Numa entrevista dada à revista Fantastic Man em 2018, quando lhe perguntaram se já tinha estado apaixonado, Tyler disse que a resposta a essa pergunta seria o seu álbum seguinte. E eis que esse álbum chegou. Igor, assim se chama em provável referência ao grotesco ajudante do Doutor Frankenstein, responde à tal pergunta com a história de uma separação, num álbum de desgosto e aceitação, um amor não correspondido num triângulo amoroso com o qual o próprio Tyler é obrigado a fazer as pazes.

Um longo contínuo sonoro – à imagem de When I Get Home, o mais recente álbum de Solange (que marca subtilmente presença em várias das canções do álbum) – povoado de 808s e dos sintetizadores a que Tyler nos vem habituando, Igor é um álbum muito mais conduzido pelo instrumental, com a voz de Tyler a aparecer apenas ocasionalmente, cantando quase sempre com alterações de tom, raramente na sua expressão normal. Com uma produção por vezes muito crua, recheada de distorção no baixo, mas, ao mesmo tempo, muito quente, é um álbum mais dançável, cheio de groove. É o próprio Tyler quem pede aos seus ouvintes para ouvirem Igor do início ao fim, já que o tom sonoro do álbum se vai sucedendo e ”Igor’s Theme”, a canção quase inteiramente instrumental que inicia o álbum, é precisamente a marca geral desse tom. O sintetizador baixo, som isolado durante os primeiros 20 segundos do álbum, vai recorrentemente aparecendo ao longo das outras faixas, unindo-as nesta narrativa de separação, a qual vai sendo também polvilhada com as aparições de Jerrod Carmichael, comediante e amigo de Tyler, que várias vezes aparece, em jeito de preâmbulo, a marcar o tema de várias canções.

O tema do álbum é introduzido na segunda faixa, “Earfquake”, onde Tyler afirma a sua paixão pela pessoa que marcará todas as canções deste álbum, a necessidade que sente dele, pedindo-lhe para não se afastar, trazendo para si a culpa por qualquer coisa que se tenha passado. É um amor que ele admite em “I Think”, canção de enamoramento fulguroso com uma belíssima ponte entre refrões. É também aqui que surge, num primeiro verso com flow idêntico ao de Kanye West em “Stronger”, uma referência ao filme Call Me By Your Name, a marcar o paralelo entre a sua relação e a que o filme retrata. Nele, Elio (Timothée Chalamet) e Oliver (Armie Hammer) começam uma relação para que no fim Oliver acabe por deixar Elio para se casar com uma mulher, provavelmente por não ser capaz de assumir publicamente a sua sexualidade ou por, de certa maneira, a rejeitar.

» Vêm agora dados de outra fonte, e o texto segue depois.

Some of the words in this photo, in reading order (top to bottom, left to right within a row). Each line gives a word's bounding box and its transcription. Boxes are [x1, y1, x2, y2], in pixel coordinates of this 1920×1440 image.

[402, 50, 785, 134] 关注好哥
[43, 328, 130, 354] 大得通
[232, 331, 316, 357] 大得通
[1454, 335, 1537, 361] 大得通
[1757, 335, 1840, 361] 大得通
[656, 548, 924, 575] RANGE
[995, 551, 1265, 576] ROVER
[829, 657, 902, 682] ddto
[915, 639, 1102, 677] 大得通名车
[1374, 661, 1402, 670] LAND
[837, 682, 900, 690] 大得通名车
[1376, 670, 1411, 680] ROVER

Esse paralelo torna-se evidente em “Running Out of Time”. O homem pelo qual Tyler está apaixonado continua escondido atrás de uma máscara e Tyler está a ficar sem tempo para retirar a namorada dele da equação. “I need her out the picture / Take your mask off / Stop lyin’ for these niggas / Stop lyin’ to yourself / I know the real you”. E se “New Magic Wand” começa por aludir à ferramenta do Photoshop como método para apagar a tal rapariga da imagem, a música rapidamente ganha contornos mais agressivos, quando Tyler começa a disparar ameaças directas. Rapidamente se torna evidente que essa Magic Wand é, afinal, uma arma, aquela que dá título à faixa seguinte, “A Boy is a Gun”, onde o próprio objecto da sua paixão se transforma numa arma. É protecção, mas também um perigo, e não conseguindo que ele retire a sua máscara, Tyler vai da paixão à rejeição. “Stay the fuck away from me”, diz ele por entre sons de metralhadoras, e começa a ser evidente o lado monstruoso deste Igor.

Tyler, the Creator @ Matthieu Venot

“Puppet” é a confirmação dessa mudança, o momento em que Tyler se liberta dos fios de fantoche e da manipulação de que se sente alvo. É o início do abandono deste amor e é Kanye West quem aparece como voz da consciência, oferecendo conselhos, e, na canção seguinte, “What’s Good”, temos a expressão completa de Igor. O ajudante grotesco que dá nome ao álbum é o próprio Tyler e ele está farto de ser deixado para trás, abraçando a fanfarronice e agressividade que eram a sua marca. Esta abordagem sempre foi o seu mecanismo de defesa face aos desgostos e à sua identidade, o seu ego é máscara para as suas fragilidades, como a máscara que ele tanto despreza naquele pelo qual estava apaixonado. Não deixa, portanto, de ser curioso que seja Kanye West a aconselhá-lo, como se falasse daquilo pelo qual já passou, ele que é a expressão máxima do ego enquanto máscara e que tem vindo a desmontar essa persona, admitindo até problemas de saúde mental.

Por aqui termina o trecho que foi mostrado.